[TASK INPUTS — start]

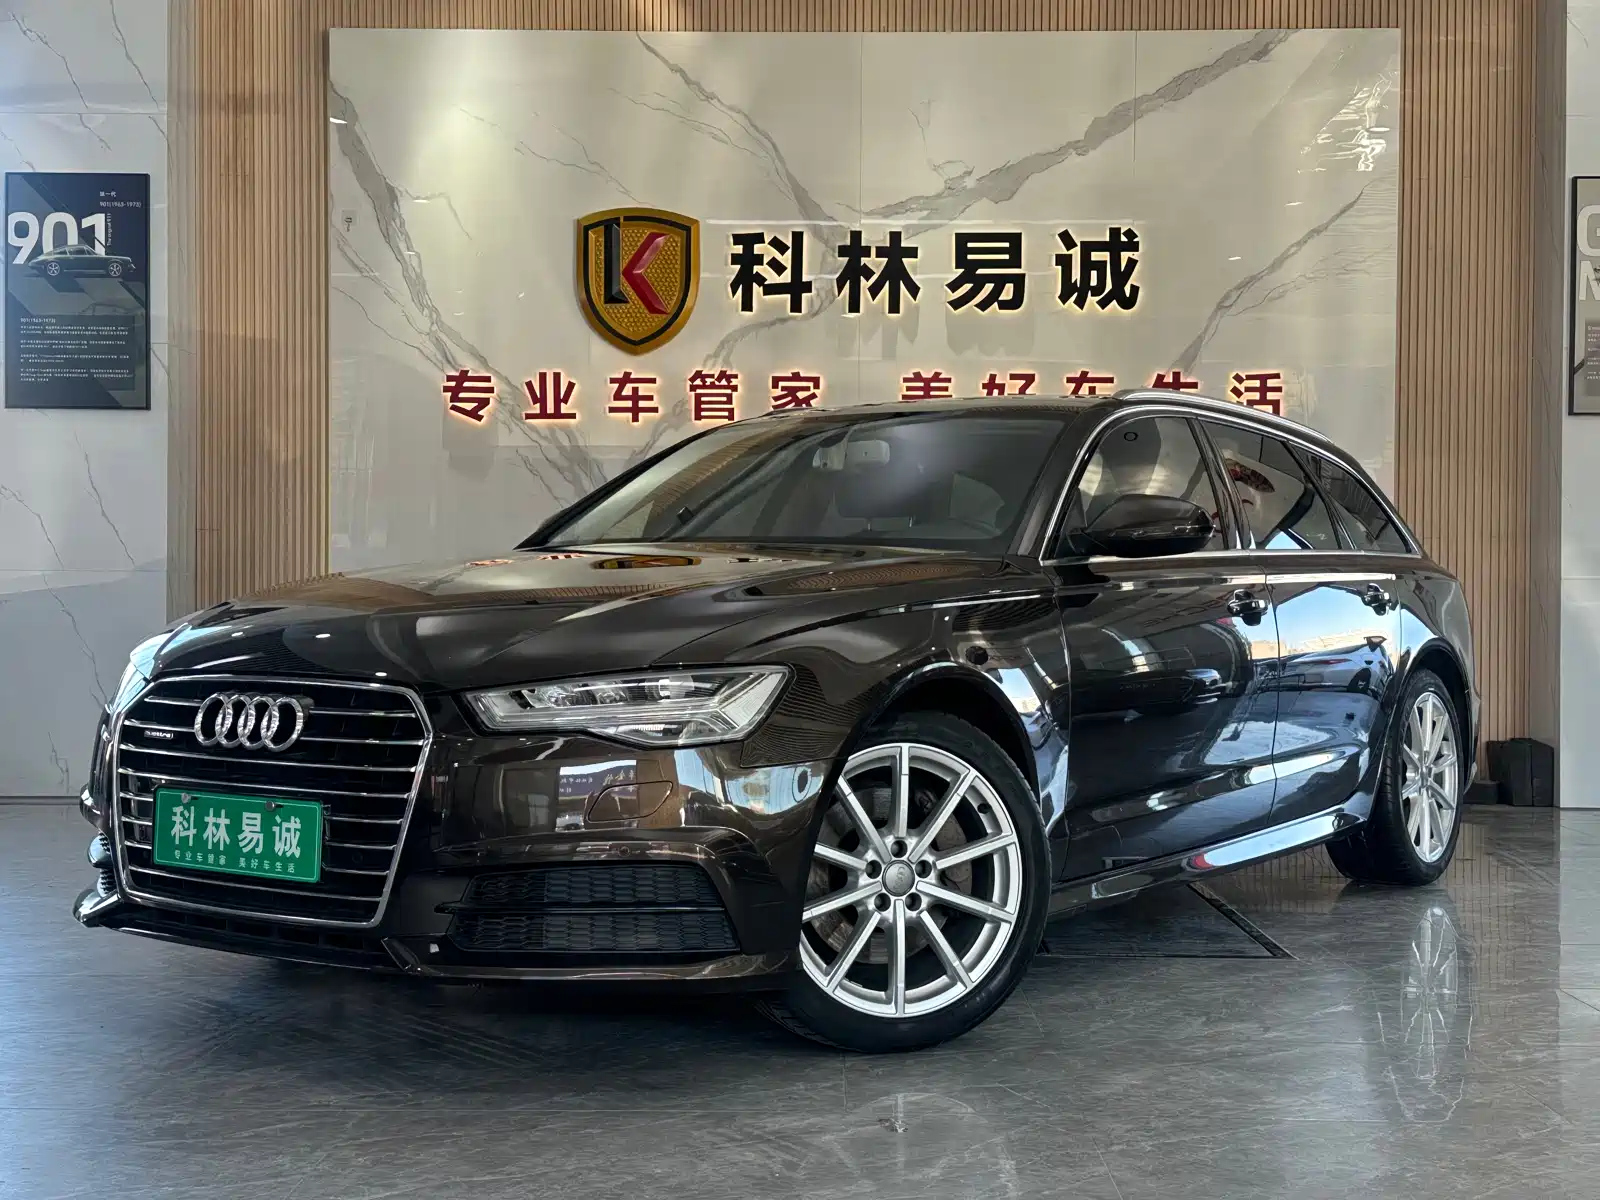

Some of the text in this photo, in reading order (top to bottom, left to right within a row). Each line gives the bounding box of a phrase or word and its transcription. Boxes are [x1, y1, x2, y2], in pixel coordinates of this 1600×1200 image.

[7, 211, 106, 265] 901
[729, 226, 1140, 314] 科林易诚
[442, 369, 821, 423] 专业车管家
[170, 805, 302, 858] 科林易诚
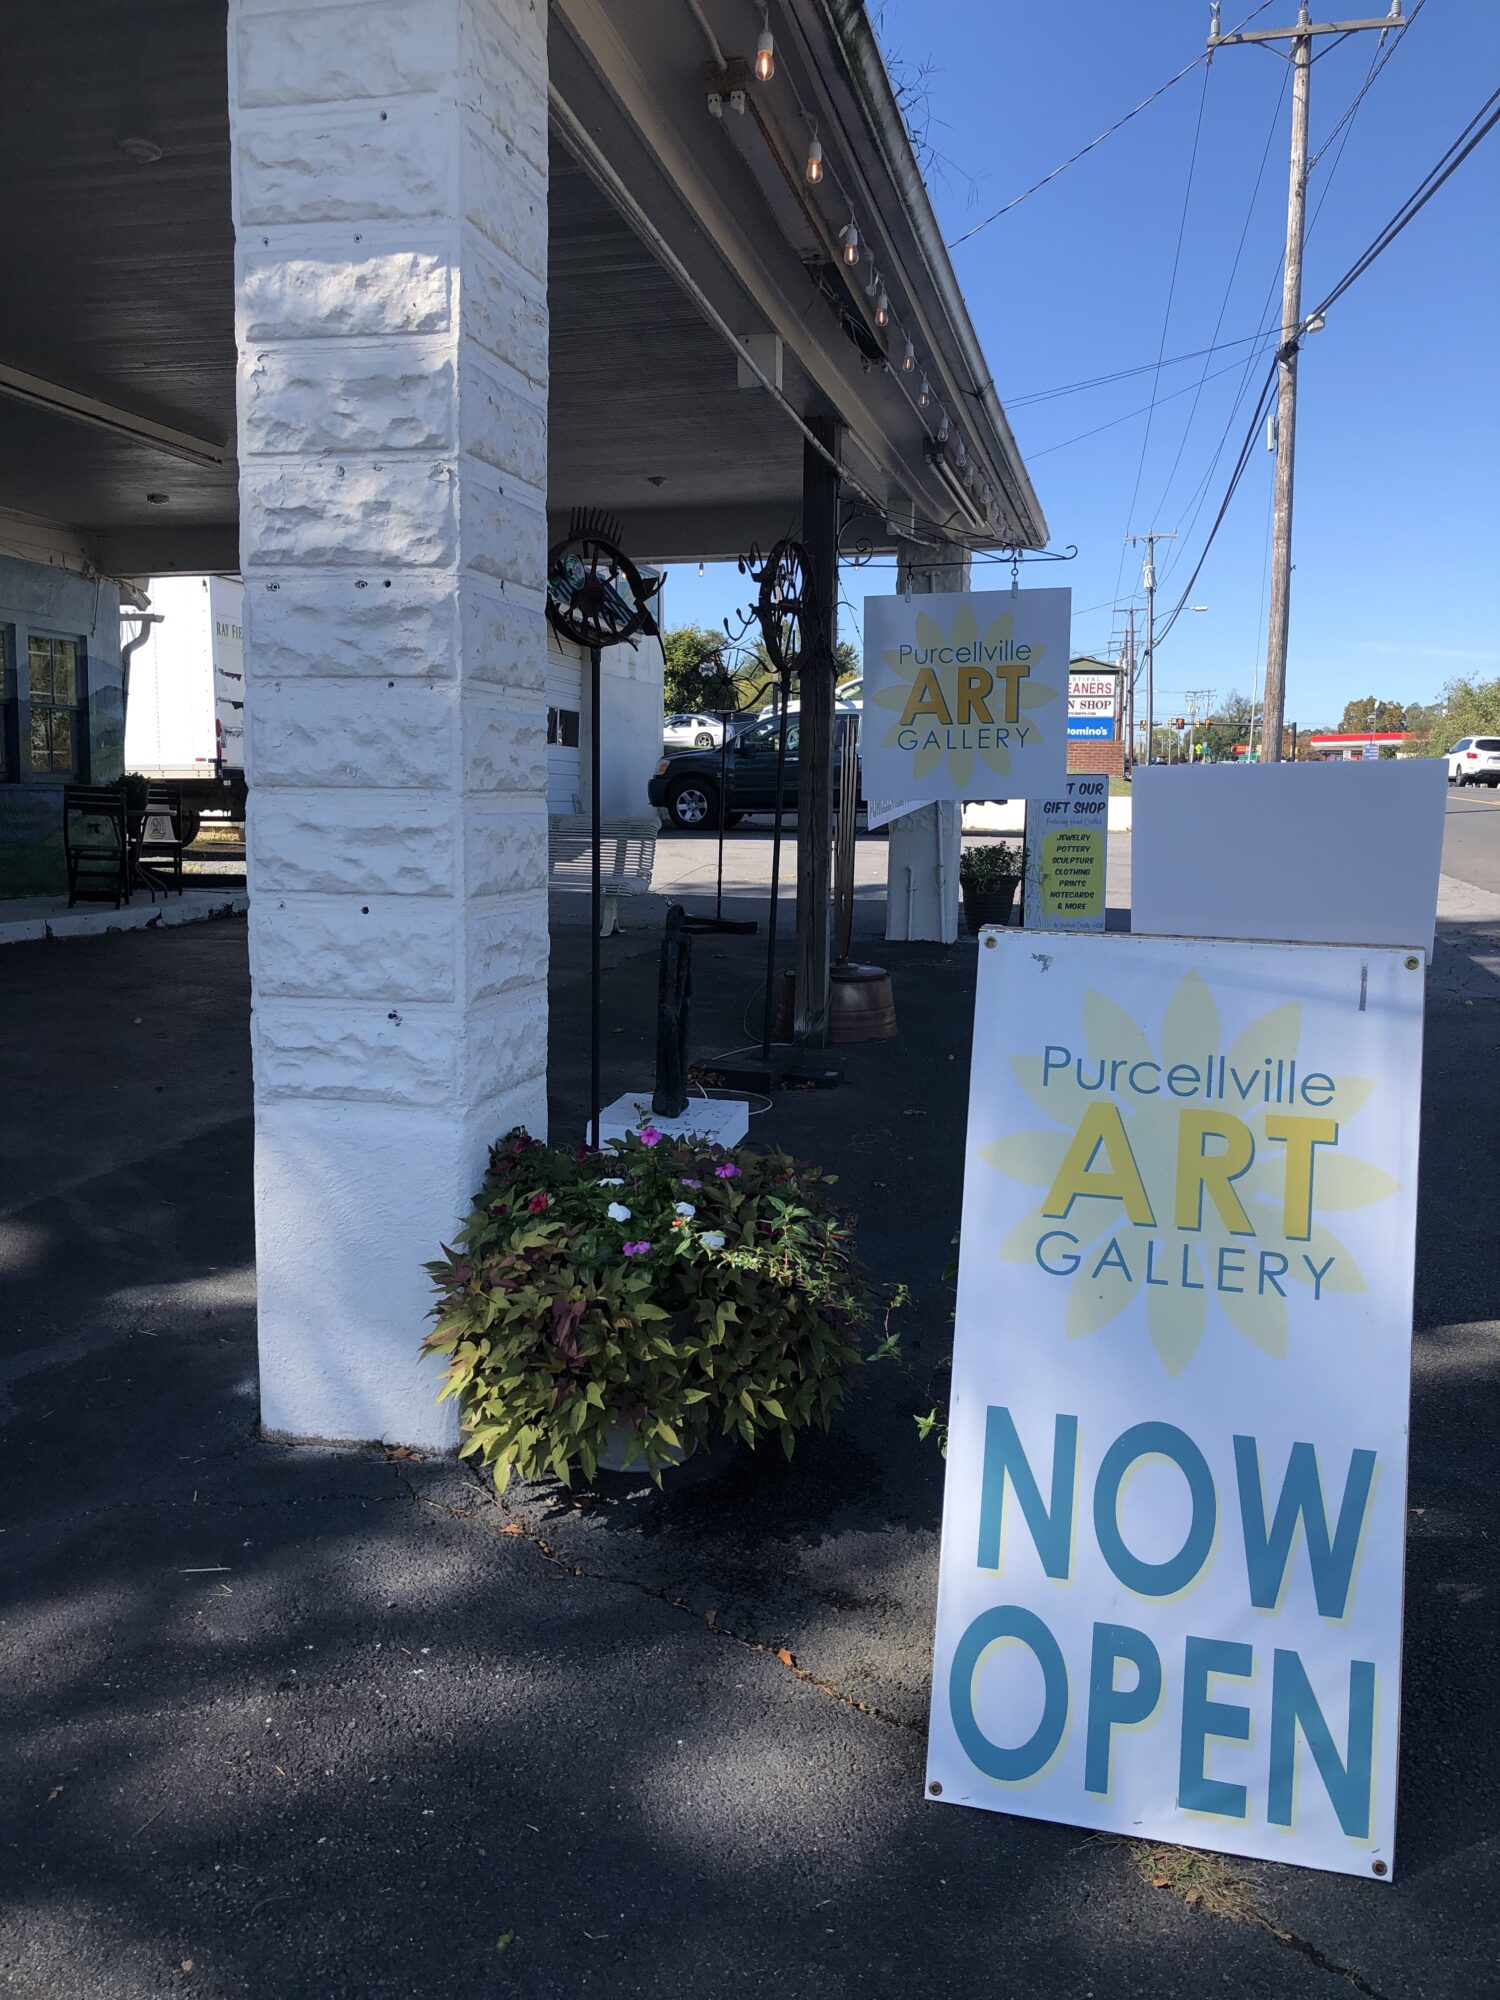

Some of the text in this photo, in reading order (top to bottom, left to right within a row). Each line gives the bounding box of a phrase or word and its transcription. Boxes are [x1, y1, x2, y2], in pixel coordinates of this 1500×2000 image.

[899, 640, 1032, 665] Purcellville
[899, 665, 1031, 727] ART
[1080, 700, 1112, 710] SHOP
[897, 727, 1030, 751] GALLERY
[1078, 783, 1104, 795] OUR
[1043, 801, 1106, 814] GIFT SHOP
[1052, 857, 1094, 865] SCULPTURE
[1056, 845, 1091, 853] POTTERY
[1050, 891, 1095, 899] NOTECARDS
[1042, 1045, 1336, 1107] Purcellville
[1040, 1102, 1339, 1242] ART
[1035, 1230, 1336, 1301] GALLERY
[976, 1404, 1379, 1620] NOW
[949, 1604, 1379, 1841] OPEN
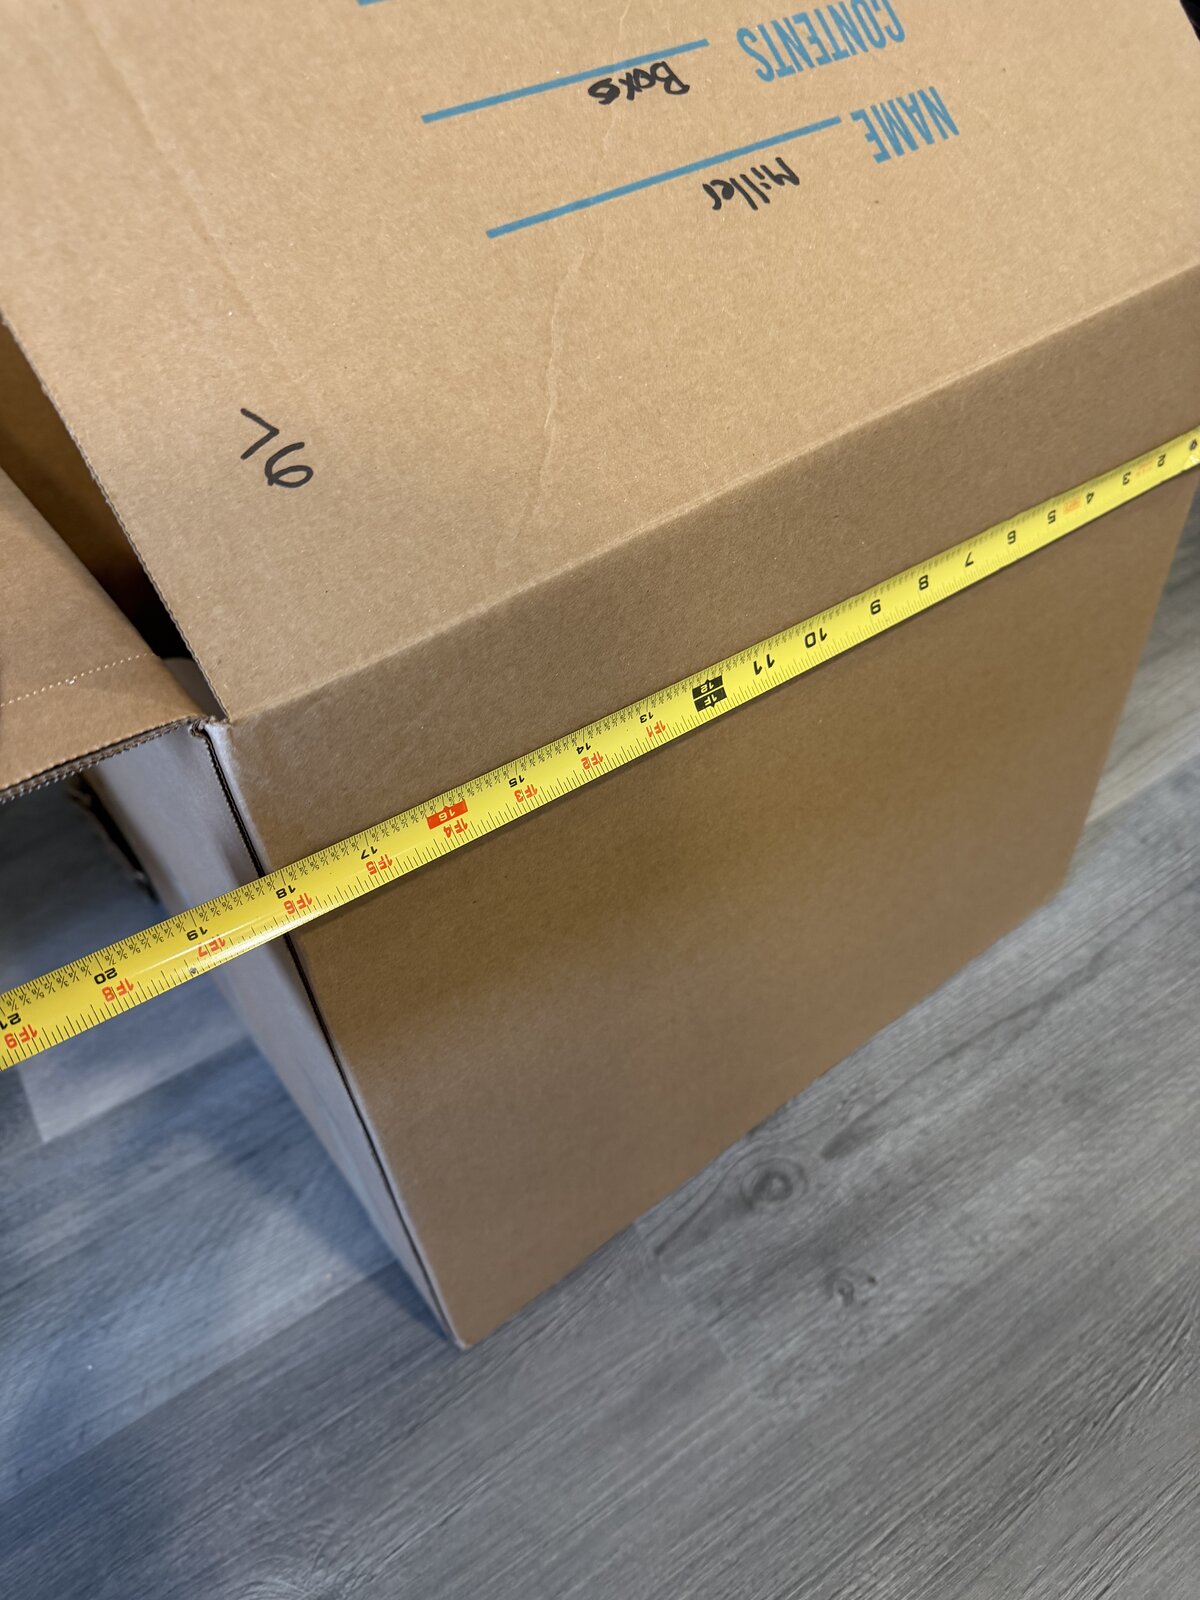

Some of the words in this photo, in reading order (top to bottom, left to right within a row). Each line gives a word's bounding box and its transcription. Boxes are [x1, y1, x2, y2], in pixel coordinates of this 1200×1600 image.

[TASK INPUTS — finish]

§ TO DO: Exactly the lines from the one containing "this 1500×2000 image." to the end of the records above, both end lines included, are to be printed, and no pictures with them.

§ ANSWER TO THE PROBLEM:
Some of the text in this photo, in reading order (top to bottom, left to right within a row). Each line gives the bounding box of a phrase or word and its transcription. Boxes are [x1, y1, x2, y2], in pixel coordinates of this 1500×2000 image.

[899, 640, 1032, 665] Purcellville
[899, 665, 1031, 727] ART
[1080, 700, 1112, 710] SHOP
[897, 727, 1030, 751] GALLERY
[1078, 783, 1104, 795] OUR
[1043, 801, 1106, 814] GIFT SHOP
[1052, 857, 1094, 865] SCULPTURE
[1056, 845, 1091, 853] POTTERY
[1050, 891, 1095, 899] NOTECARDS
[1042, 1045, 1336, 1107] Purcellville
[1040, 1102, 1339, 1242] ART
[1035, 1230, 1336, 1301] GALLERY
[976, 1404, 1379, 1620] NOW
[949, 1604, 1379, 1841] OPEN

Some of the words in this photo, in reading order (top to bottom, left to right within a row). Each line gives a word's bounding box and its transcription. Boxes are [x1, y1, x2, y2], in pixel coordinates of this 1200×1600 image.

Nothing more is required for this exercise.